# Loose bunny has first litter, question on health of kits



## MaggieSims (Nov 11, 2016)

ok, hello all on the bunny forums!  i have many animals at my little funny farm, and loose bunnies being one of them. I have only had them loose about 4 months now, but I have just now found my first litter. I bought all my starter herd of buns from a good breeder, standard rex's, and a variety of colors. I started with 6 females and 3 males. Most of the females i see together, 2 especially, and one of which had her first litter the other night, on the 9th. She and her best bunny buddy have been renovating the floor of my girly goat's barn and made herself 3 entrance holes. Anywho feeding in the morning, i discovered her nest, dug nicely into the ground, hay and straw and fur. unfortunately, 2 kits outside the nest were gone by the time I knew it even happened, but 4 survived, live and warm. I grabbed one of the many (and I mean MANY nest boxes i have everywhere they like to hang out) and started transferring into my use-all wire dog kennel. it's a 48x30 or so size, and i placed it right on top of where she chose her spot. got all the kits in the new nest, and here comes mom to investigate. I grabbed her and plopped her in the kennel. Being that there is dirt floor, she dug herself an exit, which is fine, I check on her kits several times in the day, and i place a few pieces of straw over her exits, so i can tell if she's been in there or not since last check. so now to day 2, lost a kit overnight, don't know if it were to being too cold, or what, but now down to 3. I expected losses due to the nature of the loose rabbit idea... All day went good, mom is happily frolicking with friends, and must be feeding those babies since they are already growing and showing their colors. (i will snap piccies in the morning) Nice fat bellies, and warm and hippity hopping in my hands. Today, I notice a few things, their noses seem dirty, like a bit of weeping, and got dust or what not in the noses. And their rears... need attention. All three were swollen a bit, one being worse, looks almost backed up? i picked a bit of poo goo off and gave a gentle squeeze, and was able to push out a bit of poo like the little guy was backed up. Is this an indication that momma is not cleaning bottoms and i should do the job? They still look warm, and fed. Lively and otherwise ok.


----------



## Latestarter (Nov 12, 2016)

@Shorty @Bunnylady @samssimonsays @DutchBunny03 @LukeMeister And as you know, there are quite a few others... I may have missed it but I really see only one question... about cleaning their butts... Am I blind? Aside from that, everything you said seems to apply that otherwise they're doing fine. Congrats on your new litter!


----------



## samssimonsays (Nov 12, 2016)

I'd say the first two were still born and she cleaned them out of the nest for the health of her other babies. I've had this happen with the poop deal tho. The mom was getting too rich of a diet for their tummies to handle and I had to tone it back all the while cleaning butts. If there is a lot of dusty straw in the best box I've learned they tend to get dirty nostrils easier than hay but I usually still have some with the nostrils dirty until they start leavjng the best. Be ware of best box eye if the nostrils are having this sort of dirt as usually as they started to open their eyes if get that as well with straw and shavings.


----------



## Bunnylady (Nov 12, 2016)

Bunnies in a dirty environment will have dirty noses. Even if you stuff your box with the cleanest of clean bedding, with the doe living on the ground, her fur is going to have dust and dirt in it.

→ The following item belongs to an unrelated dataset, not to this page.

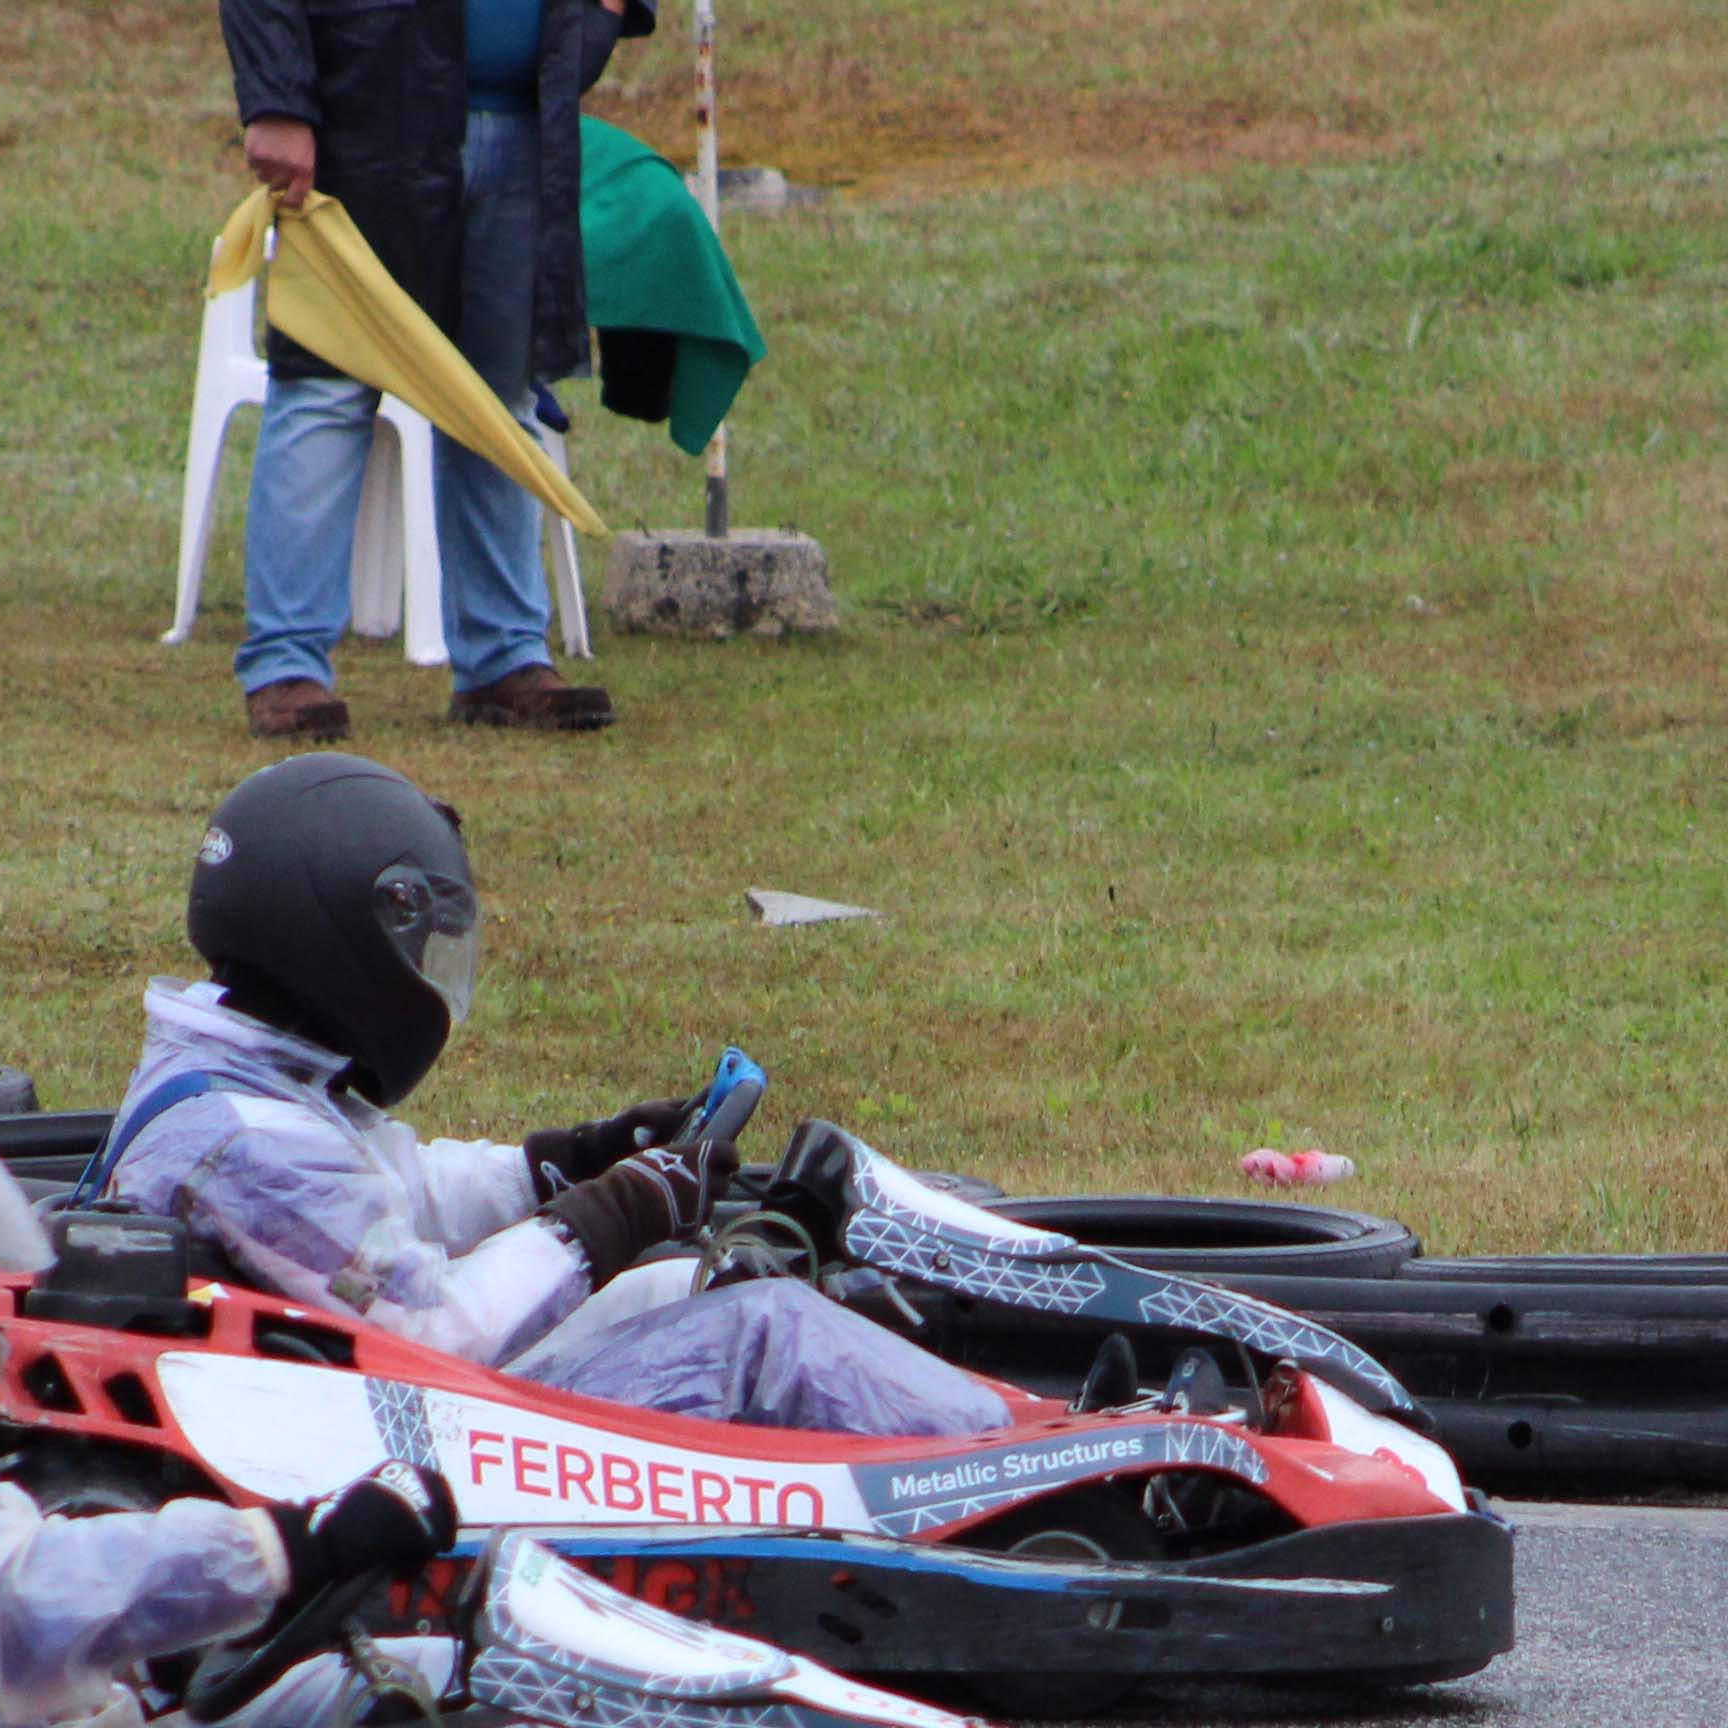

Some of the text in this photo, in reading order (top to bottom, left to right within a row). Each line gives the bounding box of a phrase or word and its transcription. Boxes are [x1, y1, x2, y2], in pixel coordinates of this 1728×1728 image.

[470, 1432, 824, 1526] FERBERTO
[890, 1433, 1144, 1502] Metallic Structures

Rabbits aren't dogs or cats; they don't do much cleaning of their offspring. They may give them a lick and a promise when they are in the box nursing, but since they only do that for a few minutes once or twice per day, the kits are pretty much on their own otherwise. Normally, the bunnies will pee all at pretty much the same time, which can get them and the nest really wet if the doe isn't there (they think this is why really young kits often pee when you pick them up - the only disturbance they would normally get is the doe returning to the nest). Until the kits start eating solid food, their feces are normally very small, hard, and fairly dry, and simply not an issue.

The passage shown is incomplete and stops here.